▶ **Exercise description**
Copy the data below in full, exactly as it appears.

▶ **Dataset records**
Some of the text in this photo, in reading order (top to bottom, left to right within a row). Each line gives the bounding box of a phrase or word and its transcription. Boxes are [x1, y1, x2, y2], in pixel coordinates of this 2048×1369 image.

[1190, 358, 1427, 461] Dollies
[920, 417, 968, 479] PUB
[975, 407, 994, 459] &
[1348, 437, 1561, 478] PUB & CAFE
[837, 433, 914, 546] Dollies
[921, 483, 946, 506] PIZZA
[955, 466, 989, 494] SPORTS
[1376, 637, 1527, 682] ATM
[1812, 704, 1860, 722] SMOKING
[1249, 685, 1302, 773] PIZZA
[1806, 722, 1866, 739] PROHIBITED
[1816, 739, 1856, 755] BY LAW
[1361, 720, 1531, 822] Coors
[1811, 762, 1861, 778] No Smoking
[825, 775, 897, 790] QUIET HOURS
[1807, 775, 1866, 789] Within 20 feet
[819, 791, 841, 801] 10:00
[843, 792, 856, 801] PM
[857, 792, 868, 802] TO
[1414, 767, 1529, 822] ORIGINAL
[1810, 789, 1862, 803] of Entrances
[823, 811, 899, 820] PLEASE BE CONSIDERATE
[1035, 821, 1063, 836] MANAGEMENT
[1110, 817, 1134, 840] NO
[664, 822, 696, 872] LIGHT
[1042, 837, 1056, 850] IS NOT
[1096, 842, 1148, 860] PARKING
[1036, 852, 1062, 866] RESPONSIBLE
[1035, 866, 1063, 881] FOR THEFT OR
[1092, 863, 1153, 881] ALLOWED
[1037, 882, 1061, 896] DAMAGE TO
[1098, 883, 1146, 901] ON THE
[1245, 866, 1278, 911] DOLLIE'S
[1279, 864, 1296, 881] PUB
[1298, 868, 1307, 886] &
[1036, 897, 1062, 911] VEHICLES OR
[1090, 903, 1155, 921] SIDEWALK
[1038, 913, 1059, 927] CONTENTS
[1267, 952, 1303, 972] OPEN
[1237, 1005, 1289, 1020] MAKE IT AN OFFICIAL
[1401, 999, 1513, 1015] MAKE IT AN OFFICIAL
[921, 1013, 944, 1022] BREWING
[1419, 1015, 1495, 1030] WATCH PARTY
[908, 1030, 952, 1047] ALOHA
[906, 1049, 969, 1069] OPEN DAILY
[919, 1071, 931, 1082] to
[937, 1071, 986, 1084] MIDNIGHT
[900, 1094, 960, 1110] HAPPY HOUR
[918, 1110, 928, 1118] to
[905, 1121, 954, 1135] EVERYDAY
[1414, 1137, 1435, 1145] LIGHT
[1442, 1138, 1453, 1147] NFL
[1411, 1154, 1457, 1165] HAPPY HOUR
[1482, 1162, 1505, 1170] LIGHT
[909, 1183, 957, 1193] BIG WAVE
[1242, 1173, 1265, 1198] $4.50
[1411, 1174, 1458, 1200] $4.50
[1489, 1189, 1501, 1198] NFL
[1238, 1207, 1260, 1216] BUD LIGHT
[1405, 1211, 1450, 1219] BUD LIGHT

▶ **Written answer**
Some of the text in this photo, in reading order (top to bottom, left to right within a row). Each line gives the bounding box of a phrase or word and its transcription. Boxes are [x1, y1, x2, y2], in pixel coordinates of this 2048×1369 image.

[1190, 358, 1427, 461] Dollies
[920, 417, 968, 479] PUB
[975, 407, 994, 459] &
[1348, 437, 1561, 478] PUB & CAFE
[837, 433, 914, 546] Dollies
[921, 483, 946, 506] PIZZA
[955, 466, 989, 494] SPORTS
[1376, 637, 1527, 682] ATM
[1812, 704, 1860, 722] SMOKING
[1249, 685, 1302, 773] PIZZA
[1806, 722, 1866, 739] PROHIBITED
[1816, 739, 1856, 755] BY LAW
[1361, 720, 1531, 822] Coors
[1811, 762, 1861, 778] No Smoking
[825, 775, 897, 790] QUIET HOURS
[1807, 775, 1866, 789] Within 20 feet
[819, 791, 841, 801] 10:00
[843, 792, 856, 801] PM
[857, 792, 868, 802] TO
[1414, 767, 1529, 822] ORIGINAL
[1810, 789, 1862, 803] of Entrances
[823, 811, 899, 820] PLEASE BE CONSIDERATE
[1035, 821, 1063, 836] MANAGEMENT
[1110, 817, 1134, 840] NO
[664, 822, 696, 872] LIGHT
[1042, 837, 1056, 850] IS NOT
[1096, 842, 1148, 860] PARKING
[1036, 852, 1062, 866] RESPONSIBLE
[1035, 866, 1063, 881] FOR THEFT OR
[1092, 863, 1153, 881] ALLOWED
[1037, 882, 1061, 896] DAMAGE TO
[1098, 883, 1146, 901] ON THE
[1245, 866, 1278, 911] DOLLIE'S
[1279, 864, 1296, 881] PUB
[1298, 868, 1307, 886] &
[1036, 897, 1062, 911] VEHICLES OR
[1090, 903, 1155, 921] SIDEWALK
[1038, 913, 1059, 927] CONTENTS
[1267, 952, 1303, 972] OPEN
[1237, 1005, 1289, 1020] MAKE IT AN OFFICIAL
[1401, 999, 1513, 1015] MAKE IT AN OFFICIAL
[921, 1013, 944, 1022] BREWING
[1419, 1015, 1495, 1030] WATCH PARTY
[908, 1030, 952, 1047] ALOHA
[906, 1049, 969, 1069] OPEN DAILY
[919, 1071, 931, 1082] to
[937, 1071, 986, 1084] MIDNIGHT
[900, 1094, 960, 1110] HAPPY HOUR
[918, 1110, 928, 1118] to
[905, 1121, 954, 1135] EVERYDAY
[1414, 1137, 1435, 1145] LIGHT
[1442, 1138, 1453, 1147] NFL
[1411, 1154, 1457, 1165] HAPPY HOUR
[1482, 1162, 1505, 1170] LIGHT
[909, 1183, 957, 1193] BIG WAVE
[1242, 1173, 1265, 1198] $4.50
[1411, 1174, 1458, 1200] $4.50
[1489, 1189, 1501, 1198] NFL
[1238, 1207, 1260, 1216] BUD LIGHT
[1405, 1211, 1450, 1219] BUD LIGHT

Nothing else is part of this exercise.